> [What is being asked]
When you repeat the entries below, keep each word exactly as it is and drop the pictures.

> [Information]
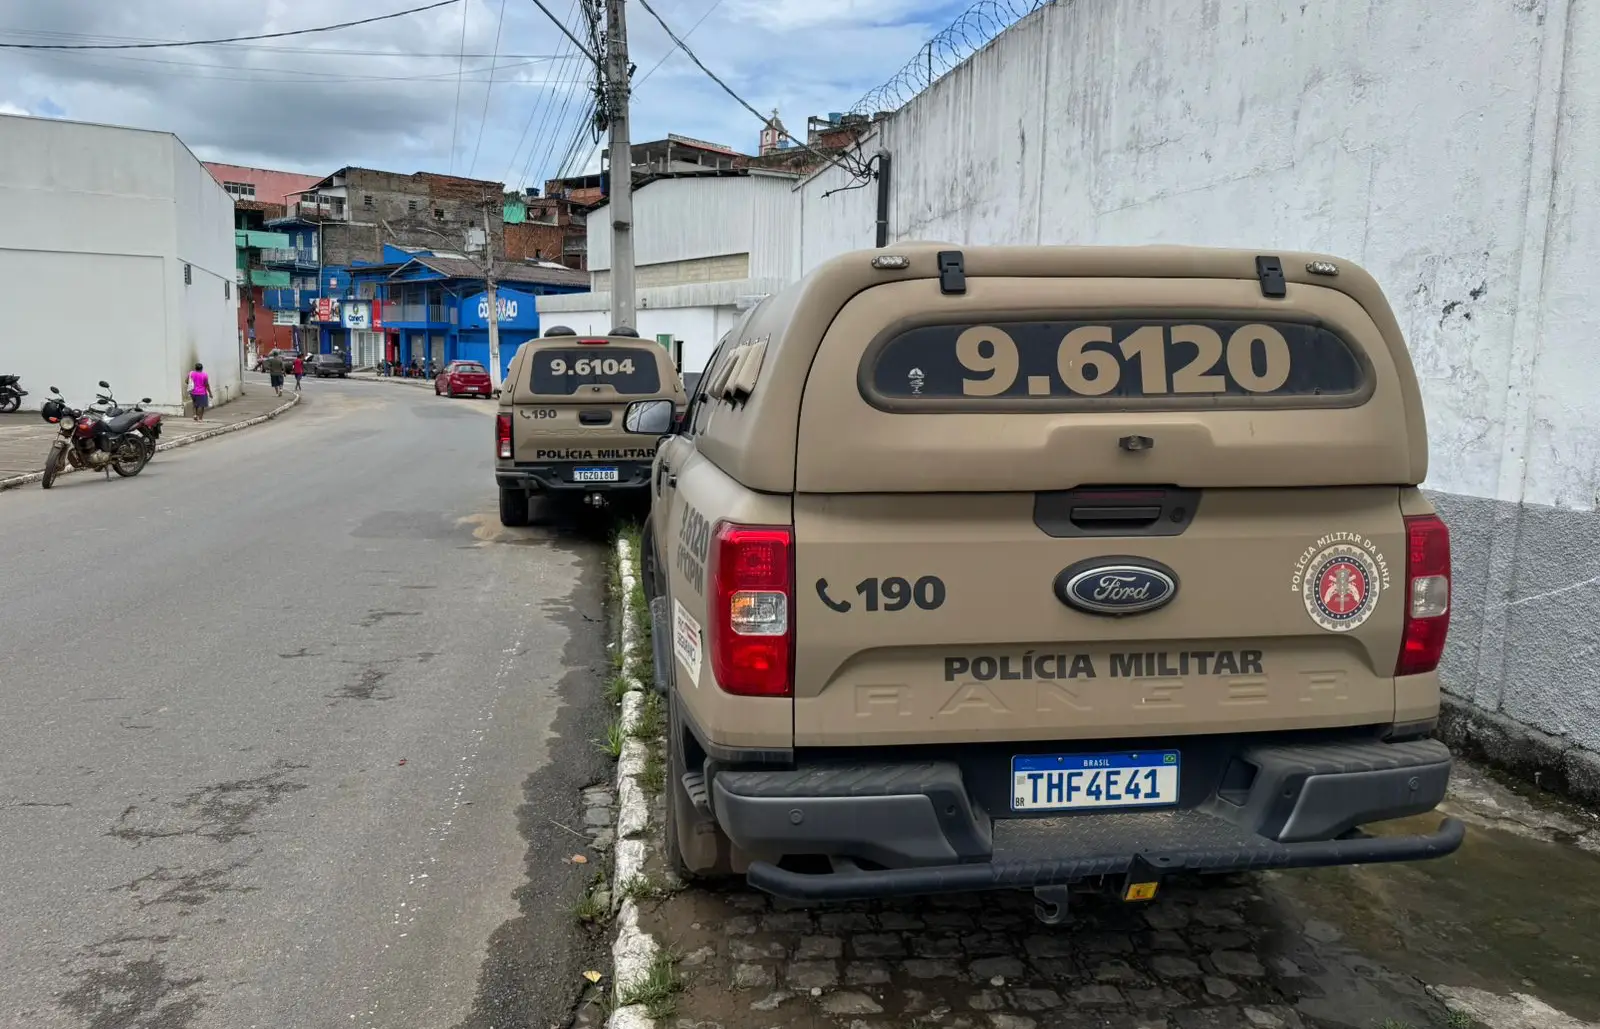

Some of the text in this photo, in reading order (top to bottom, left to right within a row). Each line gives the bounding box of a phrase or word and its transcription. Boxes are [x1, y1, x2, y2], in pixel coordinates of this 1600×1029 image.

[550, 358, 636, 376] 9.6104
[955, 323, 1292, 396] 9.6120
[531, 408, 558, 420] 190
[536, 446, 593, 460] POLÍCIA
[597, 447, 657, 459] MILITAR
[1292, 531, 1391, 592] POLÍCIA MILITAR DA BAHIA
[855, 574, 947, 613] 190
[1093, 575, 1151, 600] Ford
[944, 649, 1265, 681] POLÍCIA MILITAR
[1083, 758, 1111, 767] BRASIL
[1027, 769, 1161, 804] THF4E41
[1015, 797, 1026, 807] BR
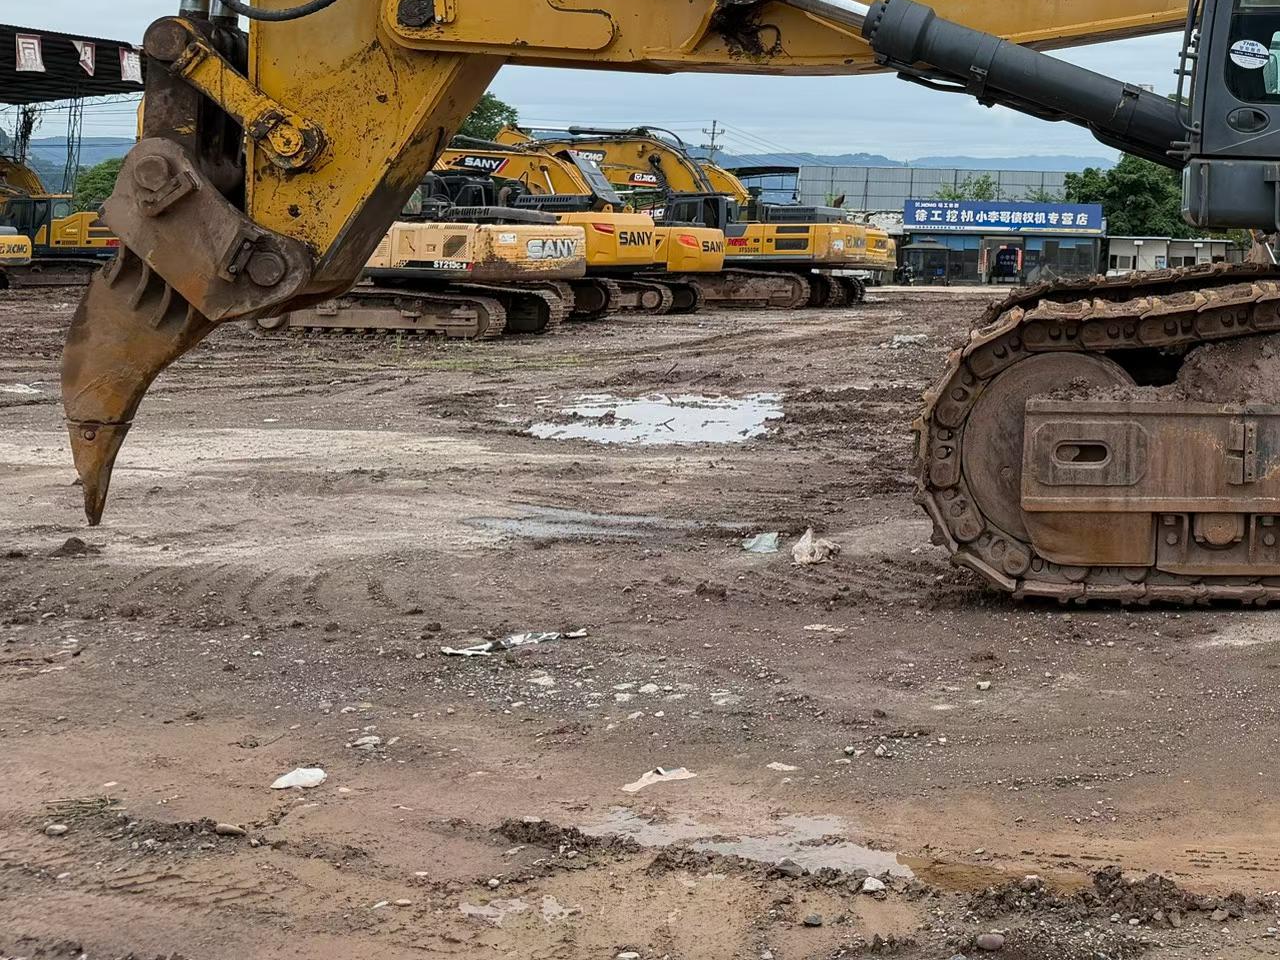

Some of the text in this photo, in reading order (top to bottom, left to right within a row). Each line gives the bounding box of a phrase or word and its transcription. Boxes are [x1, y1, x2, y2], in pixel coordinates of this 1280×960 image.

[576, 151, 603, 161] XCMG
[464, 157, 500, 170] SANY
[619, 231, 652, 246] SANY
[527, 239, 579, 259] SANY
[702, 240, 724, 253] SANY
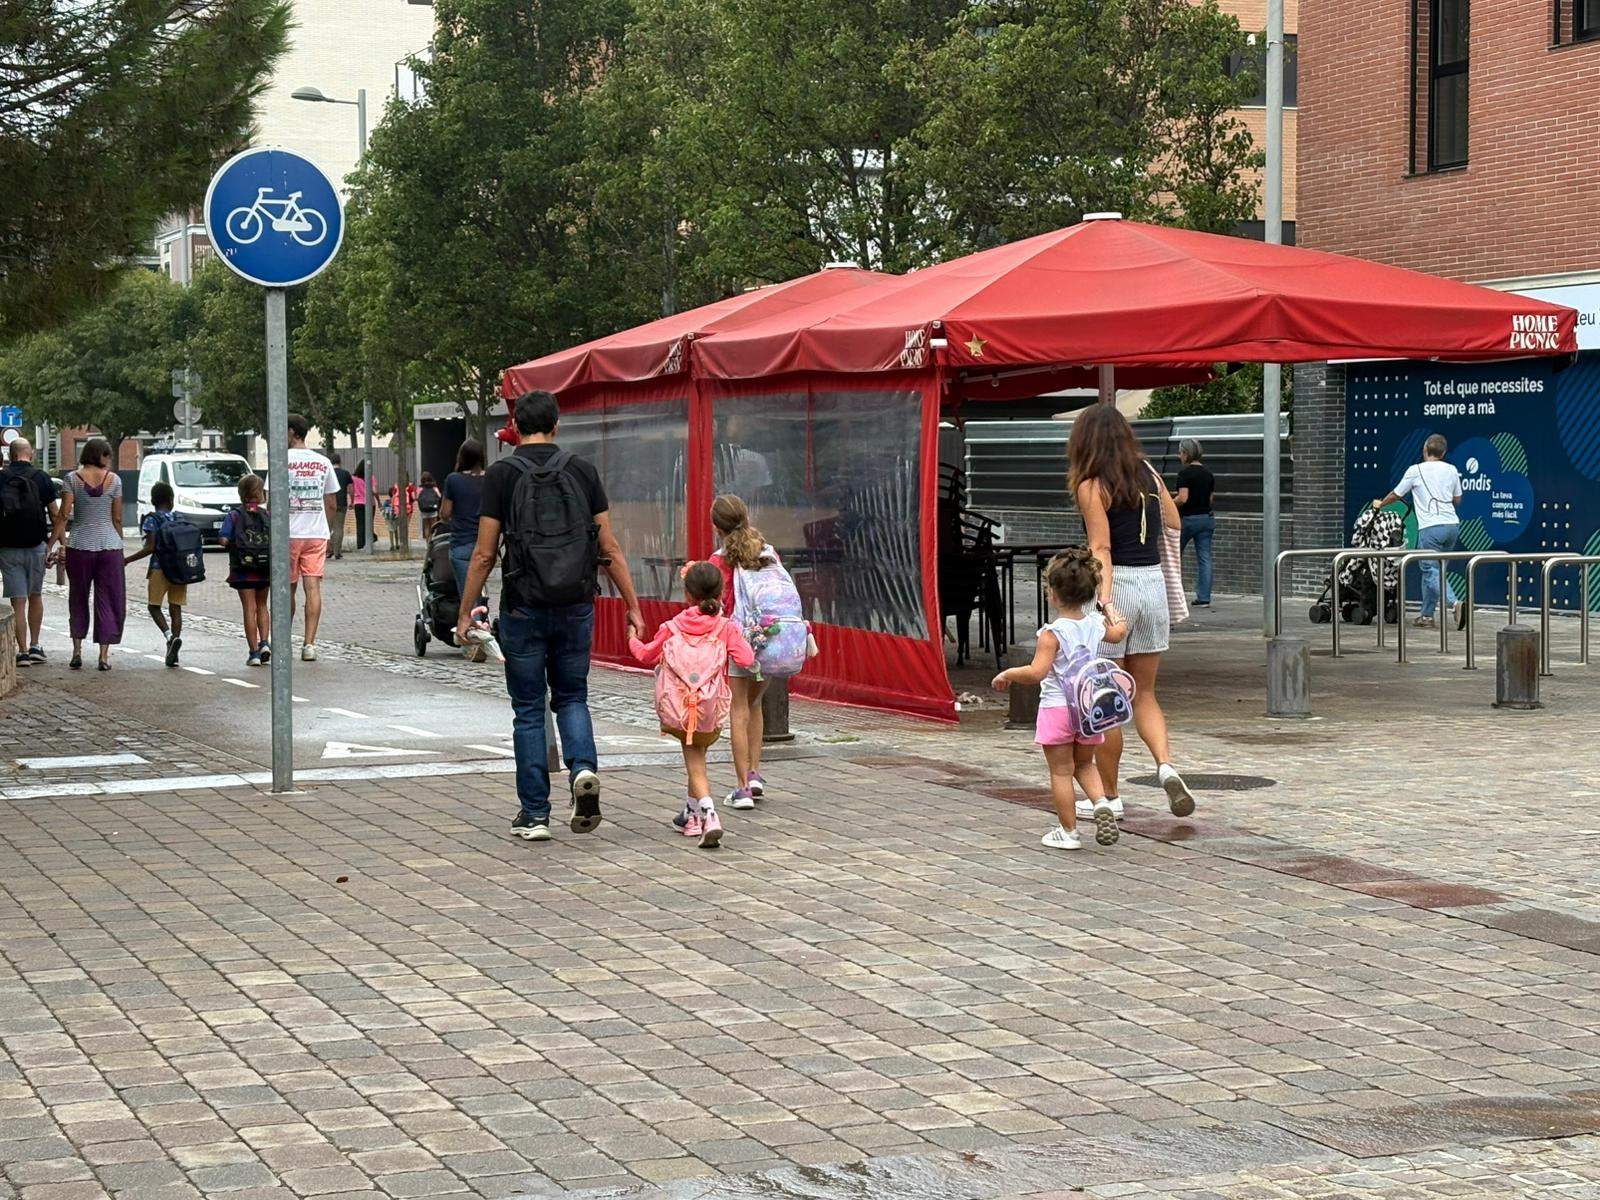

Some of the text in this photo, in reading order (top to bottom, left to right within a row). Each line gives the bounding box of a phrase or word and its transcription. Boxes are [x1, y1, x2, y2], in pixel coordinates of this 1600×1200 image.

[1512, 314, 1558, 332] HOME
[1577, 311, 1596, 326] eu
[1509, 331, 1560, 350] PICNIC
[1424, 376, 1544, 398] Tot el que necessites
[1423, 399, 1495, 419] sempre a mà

> [Result below]
Some of the text in this photo, in reading order (top to bottom, left to right within a row). Each line gives the bounding box of a phrase or word and its transcription. Boxes are [x1, y1, x2, y2], in pixel coordinates of this 1600×1029 image.

[550, 358, 636, 376] 9.6104
[955, 323, 1292, 396] 9.6120
[531, 408, 558, 420] 190
[536, 446, 593, 460] POLÍCIA
[597, 447, 657, 459] MILITAR
[1292, 531, 1391, 592] POLÍCIA MILITAR DA BAHIA
[855, 574, 947, 613] 190
[1093, 575, 1151, 600] Ford
[944, 649, 1265, 681] POLÍCIA MILITAR
[1083, 758, 1111, 767] BRASIL
[1027, 769, 1161, 804] THF4E41
[1015, 797, 1026, 807] BR

Some of the text in this photo, in reading order (top to bottom, left to right within a row). Each line gives the bounding box of a phrase or word and its transcription. Boxes are [x1, y1, x2, y2], in pixel coordinates of this 1280×960 image.

[576, 151, 603, 161] XCMG
[464, 157, 500, 170] SANY
[619, 231, 652, 246] SANY
[527, 239, 579, 259] SANY
[702, 240, 724, 253] SANY

Some of the text in this photo, in reading order (top to bottom, left to right within a row). Each line gives the bounding box of a phrase or word and its transcription. Boxes are [x1, y1, x2, y2], in pixel coordinates of this 1600×1200 image.

[1512, 314, 1558, 332] HOME
[1577, 311, 1596, 326] eu
[1509, 331, 1560, 350] PICNIC
[1424, 376, 1544, 398] Tot el que necessites
[1423, 399, 1495, 419] sempre a mà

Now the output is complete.